Melatonin (MLT; N-acetyl-5-metoxy-tryptamine) is a hormone that is principally synthesized in the pineal gland. MLT has been shown to exhibit a variety of functions. The hormone, which is a free radical scavenger, plays an immunomodulatory role, stimulates the proliferation and synthesis of type I collagen and promotes bone formation. Moreover, MLT exerts oncostatic activity through several biological mechanisms, including antiproliferative functions, stimulation of anticancer immunity, modulation of oncogene expression and anti-inflammatory, antioxidant and antiangiogenic effects. In addition, MLT inhibits human cancer cell growth in culture, and previous clinical studies have also confirmed its anticancer properties in vivo. With regard to the underlying mechanisms of MLT in tumor processes, including oral cavity tumors such as epidermoid carcinoma, knowledge of the role played by the MT1 and 2 membrane receptors, MT3 and the calmodulin cytosolic binding sites, as well as the nuclear receptors of the RZR/ROR family, is increasing. It has been hypothesized that exogenous restoration of MT1 (MTNR1A) expression inhibits the growth of oral squamous cell carcinoma cells lacking the expression of the receptor. The tumor suppressing functions of MLT and the presence of the MT1 receptor in various tumors indicate that the receptor may play a pivotal role in oral carcinogenesis. The current review discusses the clinical significance of MLT in oral cancer.

1. Introduction

Melatonin (MLT) or N-acetyl-5-metoxy-tryptamine, is a hormone synthesized in various organs of the body, but principally in the pineal gland (1). The pineal gland produces MLT in a circadian manner, synchronizing a number of biological processes in a 24-h, day-night rhythm. An internal 24-h time keeping system (biological clock) regulated by MLT controls the sleep-wake cycle (2). MLT affects numerous aspects of circadian and circannual rhythms, including sleep, actions that are mediated by the binding of indoleamine to membrane receptors (3,4). A number of studies have shown the various actions of MLT with regard to aspects of intracellular functions associated with mechanisms that are independent of the action of the hormone on the cellular membrane receptors. For these actions, nuclear receptors for MLT have been identified in the cells of the central nervous system and peripheral organs (5–7). Since MLT has lipophilic properties, the hormone is able to reach intracellular organelles, including the nucleus and mitochondria (8). In the cell interior, MLT is capable of binding to specific cytosolic proteins, including protein kinase C (9,10), calmodulin (10,11), calreticulin (12) and quinone reductase-2 (QR2) (13).

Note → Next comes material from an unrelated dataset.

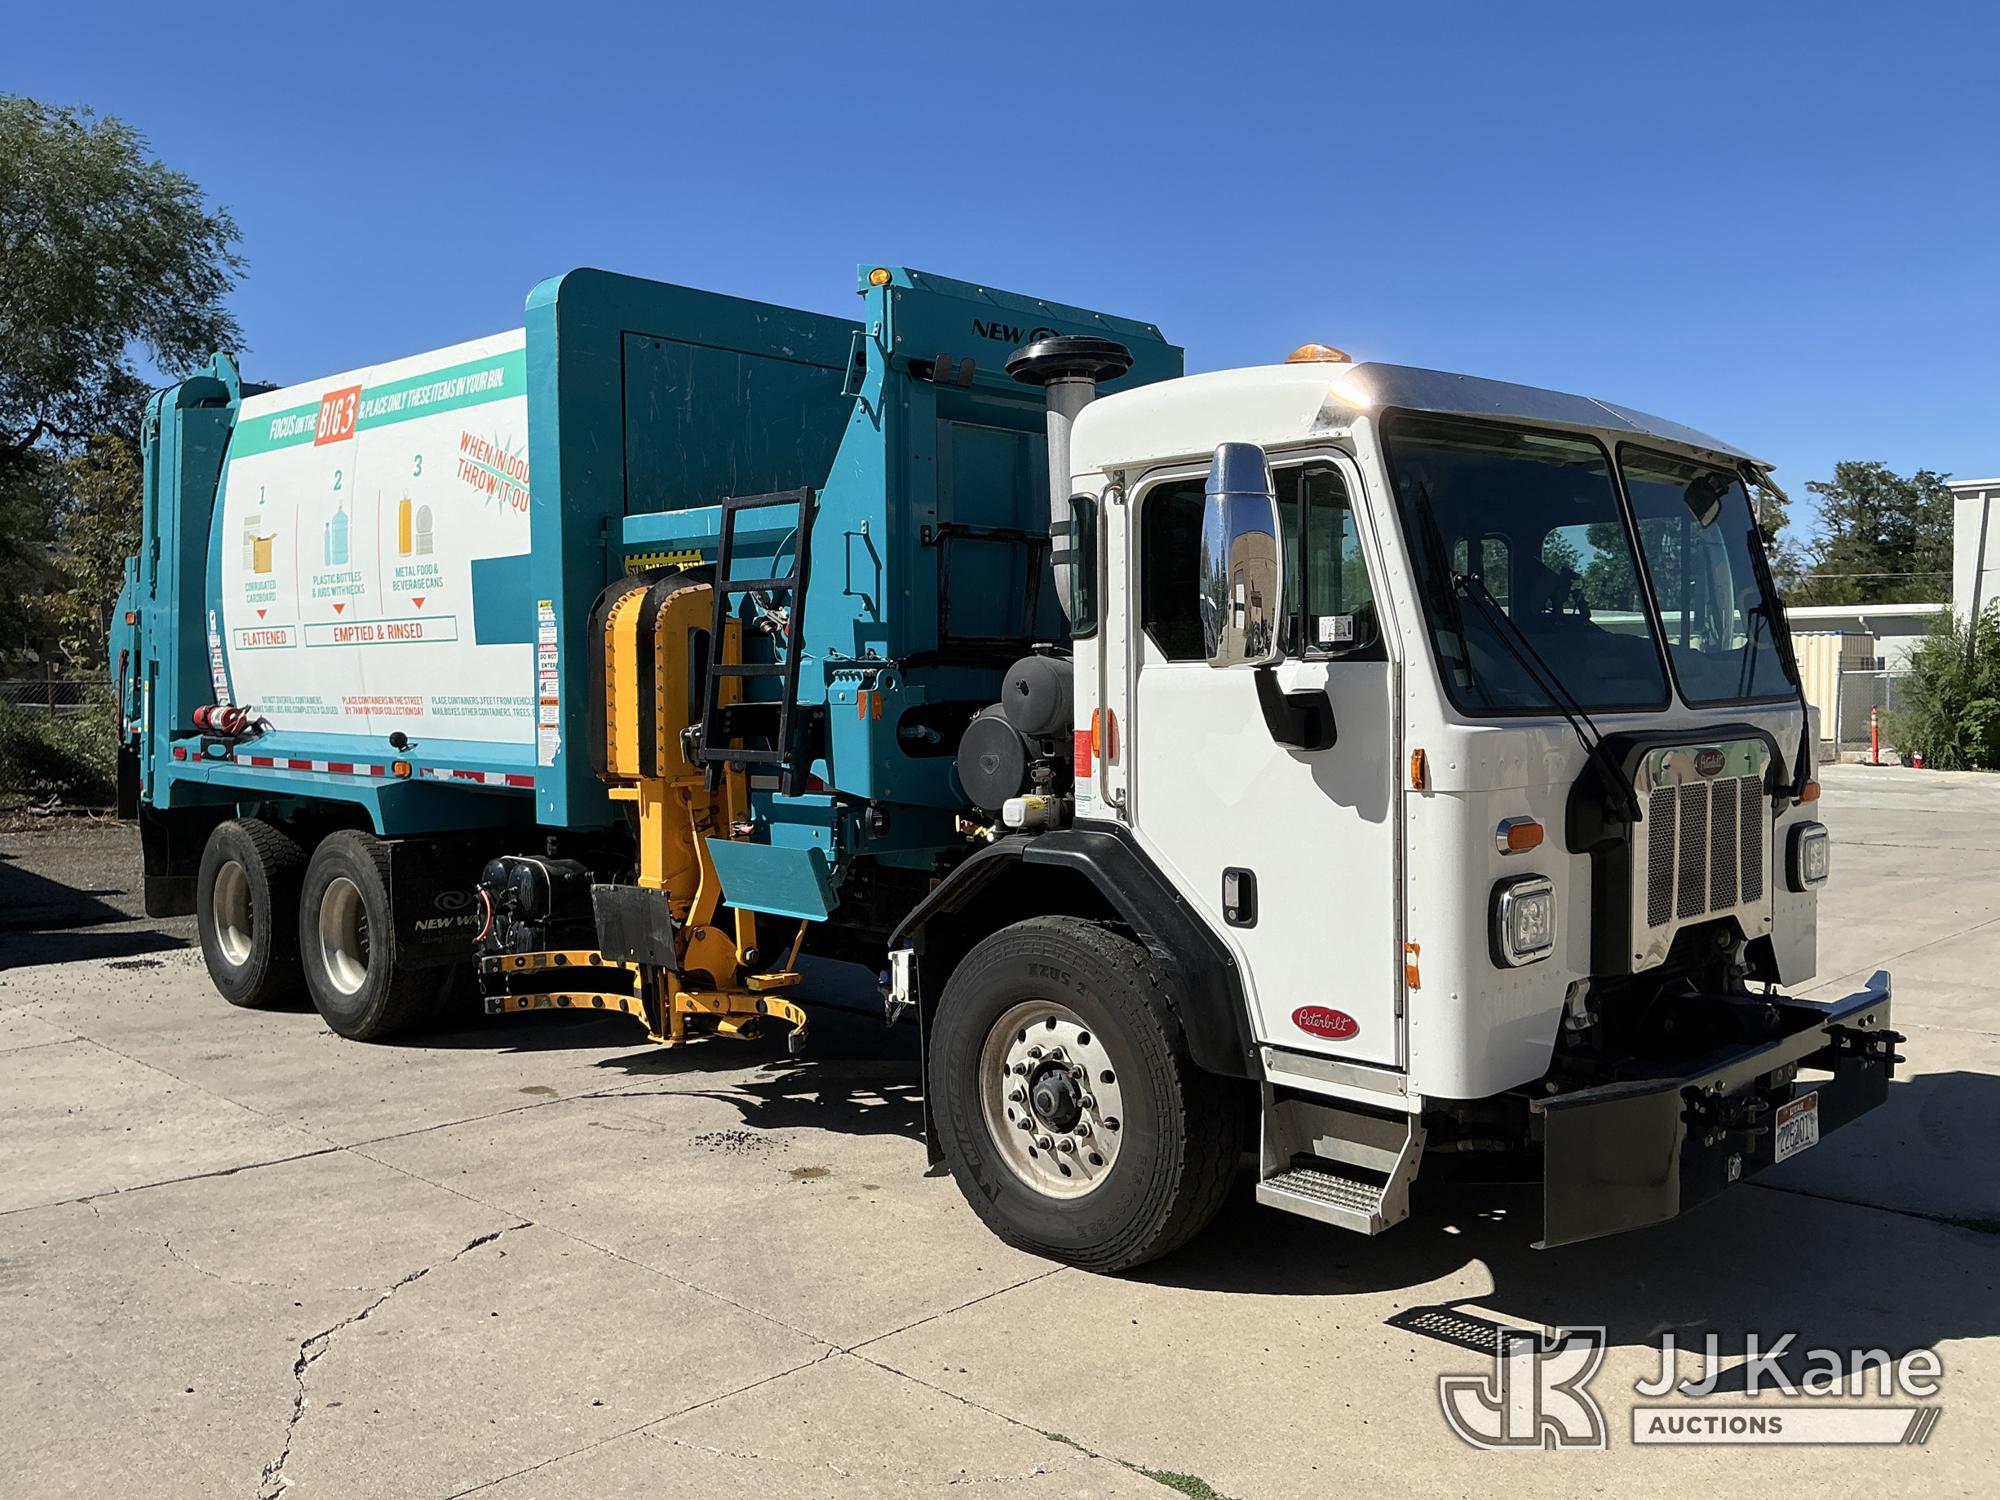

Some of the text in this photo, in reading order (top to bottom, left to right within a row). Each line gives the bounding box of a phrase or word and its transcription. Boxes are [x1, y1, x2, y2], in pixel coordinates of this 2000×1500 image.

Currently, MLT is not regarded as a hormone in the classical sense, but functions as a cell protector since it is not synthesized in a single organ and does not exert effects upon a specific target organ. Studies have shown that MLT is a molecule with paracrine, autocrine and antioxidant effects that exerts diverse receptor-dependent and -independent actions (14,15). Overall, MLT exhibits homeostatic functions and pleiotropic effects relevant to cell protection and survival mechanisms (16).

MLT is produced in several organs, and MLT-forming enzymes are found in a number of tissues, including the retina (17,18), ovaries (19,20), gastrointestinal tract (21,22) and cells of the immune system (23). MLT is released into the blood and then passively diffuses into the oral cavity via saliva and the oral mucosa (24). MLT in the saliva is found in concentrations up to 70% lower than those in blood, and considering that MLT is bound to plasma proteins, salivary MLT represents the percentage of free MLT that is not albumin-bound (25). The measurement of salivary MLT is a useful non-invasive technique for monitoring MLT circadian rhythmicity (26). The major metabolite of MLT is 6-hydroxymelatonin sulfate (derived from 6-hydroxylation and conjugation primarily to sulfates in the liver), which is excreted in the urine in a larger amount at night than during the day (1). MLT is also converted to cyclic 3-hydroxymelatonin, presumably in all cells, and this metabolite is excreted in urine (27).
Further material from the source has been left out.